Free-text object descriptions:

==========

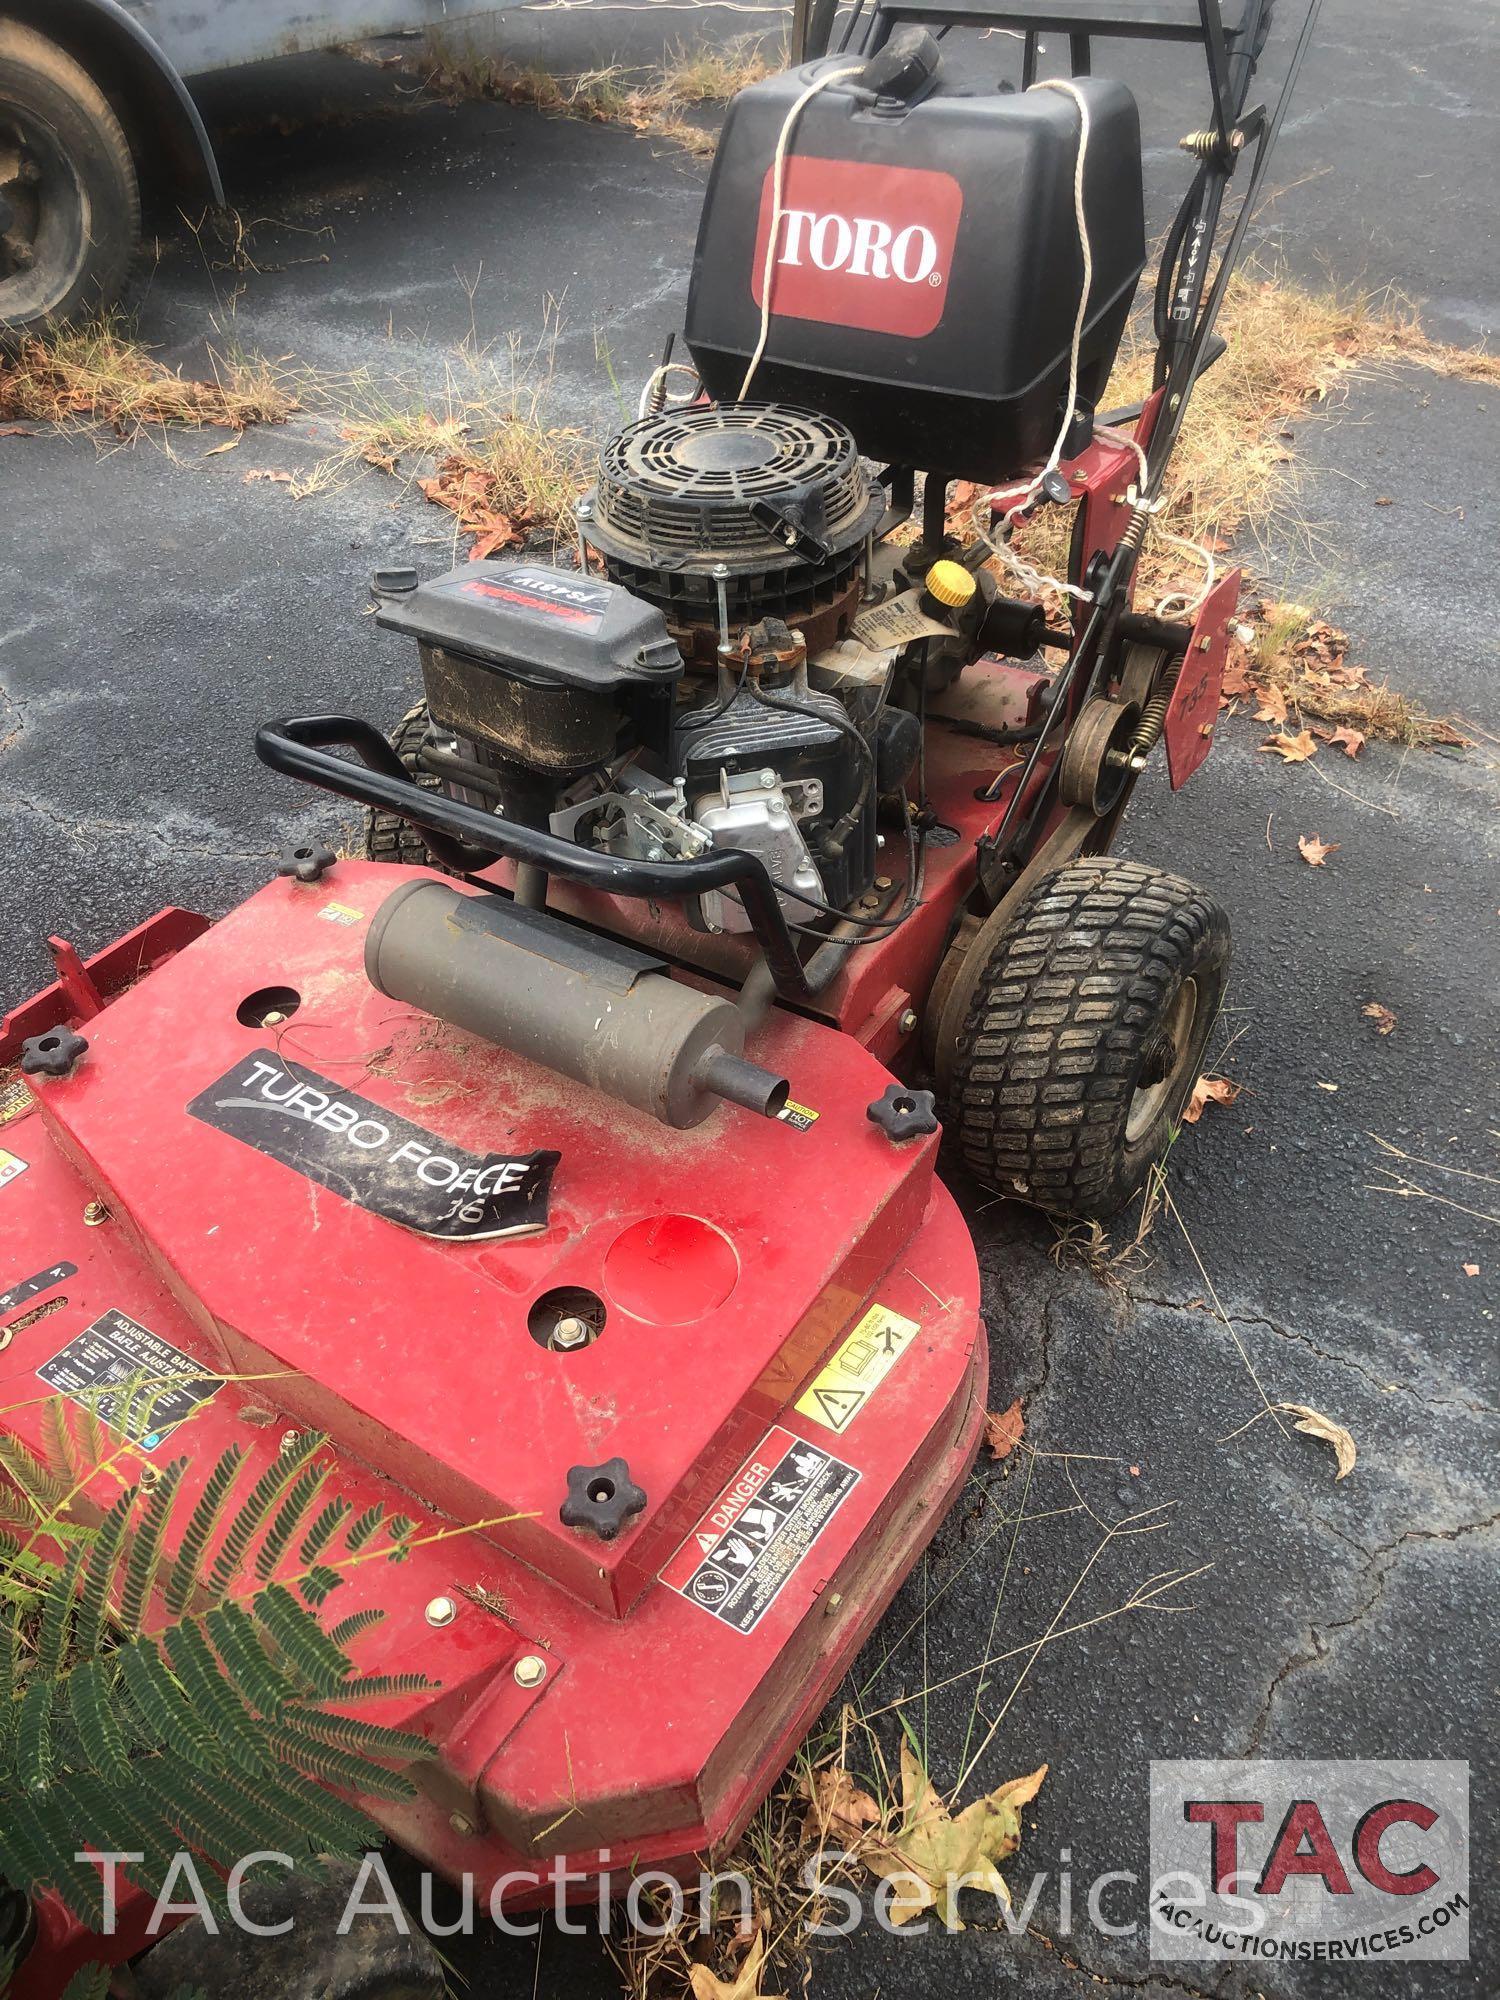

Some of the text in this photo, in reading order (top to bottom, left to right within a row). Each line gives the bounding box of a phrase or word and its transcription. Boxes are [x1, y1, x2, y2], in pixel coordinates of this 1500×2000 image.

[777, 209, 937, 284] TORO
[241, 1061, 390, 1149] TURBO
[787, 1101, 815, 1117] CAUTION
[790, 1112, 812, 1125] HOT
[108, 1330, 141, 1353] BAFLE
[114, 1319, 171, 1357] ADJUSTABLE
[711, 1462, 770, 1527] DANGER
[727, 1469, 833, 1609] ROTATING BLADES UNDER ENTIRE MOWER DECK.
[738, 1608, 756, 1628] KEEP
[751, 1572, 783, 1610] DEFLECTOR
[778, 1564, 787, 1573] IN
[799, 1526, 815, 1544] KEEP
[811, 1487, 843, 1527] BYSTANDERS
[839, 1470, 855, 1488] AWAY.
[752, 1570, 775, 1598] THROWN
[771, 1542, 796, 1571] OBJECTS
[792, 1528, 805, 1543] ARE
[801, 1490, 833, 1529] DANGEROUS.
[754, 1565, 770, 1582] KEEP
[767, 1543, 786, 1565] HANDS
[783, 1532, 795, 1544] and
[791, 1516, 806, 1532] FEET
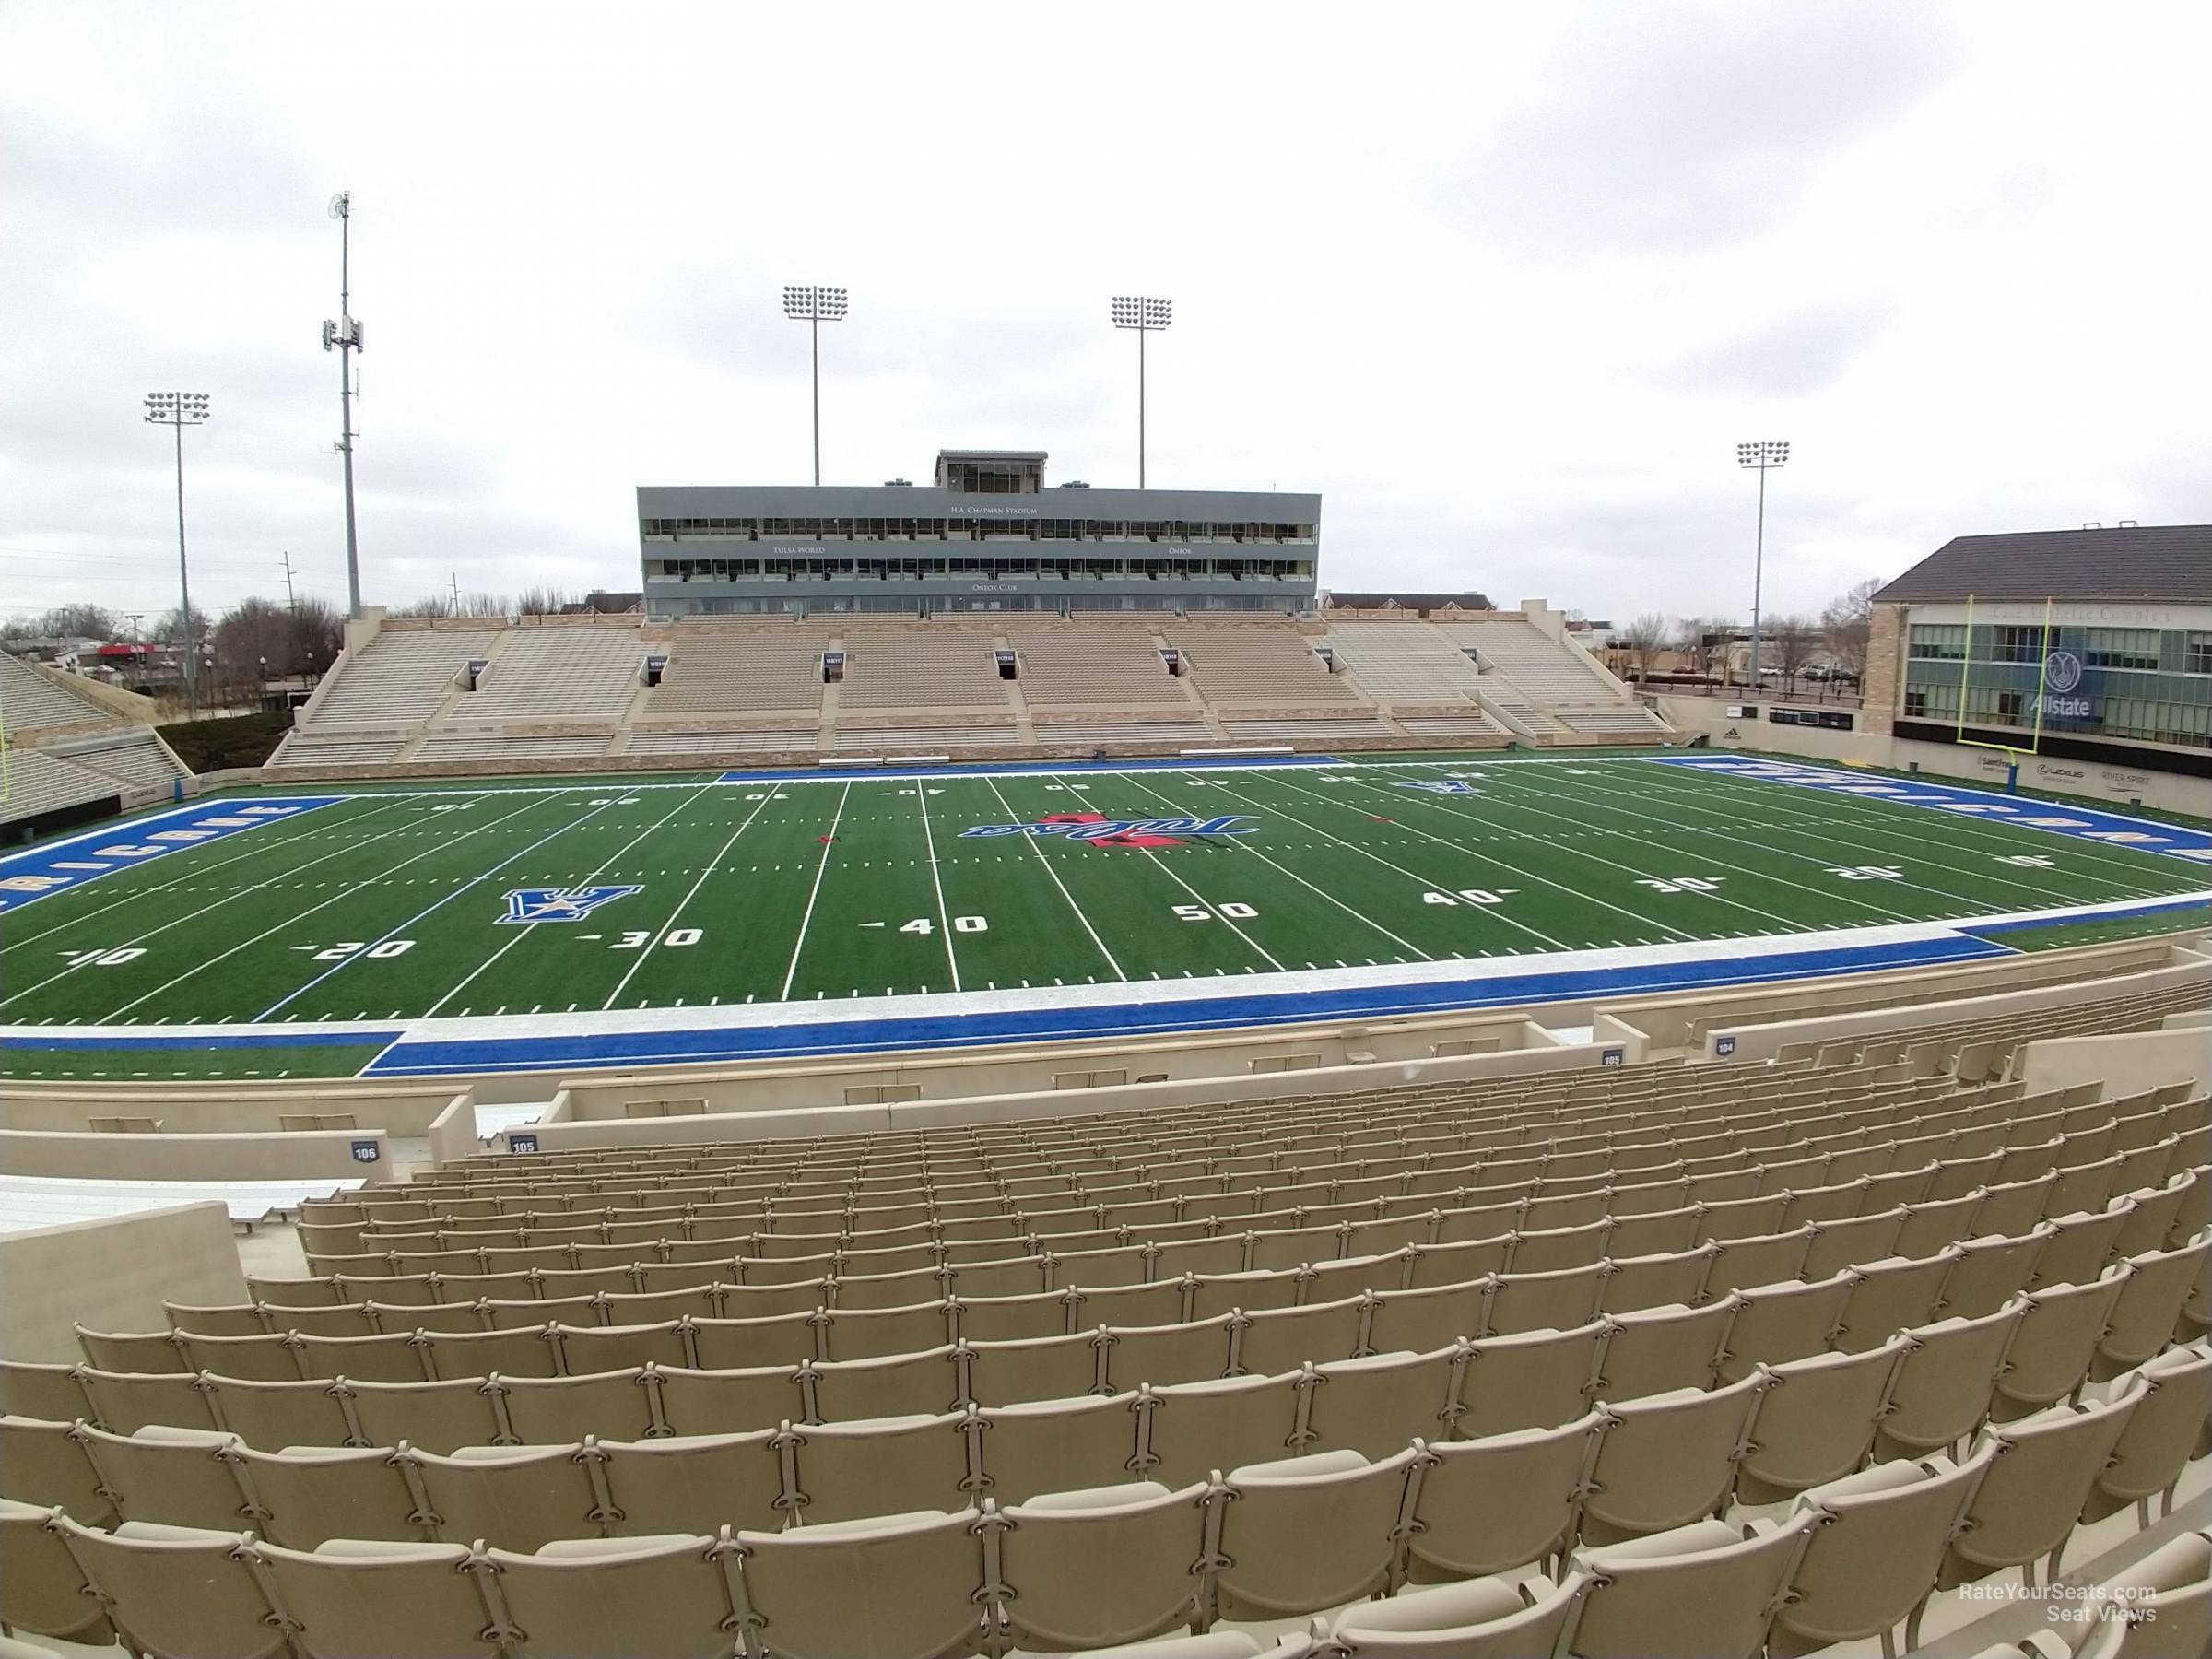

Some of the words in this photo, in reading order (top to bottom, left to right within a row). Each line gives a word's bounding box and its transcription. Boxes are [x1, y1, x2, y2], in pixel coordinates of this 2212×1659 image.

==========

-- The problem --
Because the pictures are not wanted, retype only the text of every record, exactly as given.

-- Solution to this task --
Some of the text in this photo, in reading order (top to bottom, left to right within a row). Each line gives the bounding box of a phrase or word and its transcription. Boxes are [x1, y1, x2, y2], in pixel coordinates of this 1500×2000 image.

[777, 209, 937, 284] TORO
[241, 1061, 390, 1149] TURBO
[787, 1101, 815, 1117] CAUTION
[790, 1112, 812, 1125] HOT
[108, 1330, 141, 1353] BAFLE
[114, 1319, 171, 1357] ADJUSTABLE
[711, 1462, 770, 1527] DANGER
[727, 1469, 833, 1609] ROTATING BLADES UNDER ENTIRE MOWER DECK.
[738, 1608, 756, 1628] KEEP
[751, 1572, 783, 1610] DEFLECTOR
[778, 1564, 787, 1573] IN
[799, 1526, 815, 1544] KEEP
[811, 1487, 843, 1527] BYSTANDERS
[839, 1470, 855, 1488] AWAY.
[752, 1570, 775, 1598] THROWN
[771, 1542, 796, 1571] OBJECTS
[792, 1528, 805, 1543] ARE
[801, 1490, 833, 1529] DANGEROUS.
[754, 1565, 770, 1582] KEEP
[767, 1543, 786, 1565] HANDS
[783, 1532, 795, 1544] and
[791, 1516, 806, 1532] FEET

Some of the words in this photo, in reading order (top to bottom, left to right within a row). Each line gives a word's bounding box and its transcription. Boxes are [x1, y1, x2, y2], in pixel coordinates of this 2212×1659 image.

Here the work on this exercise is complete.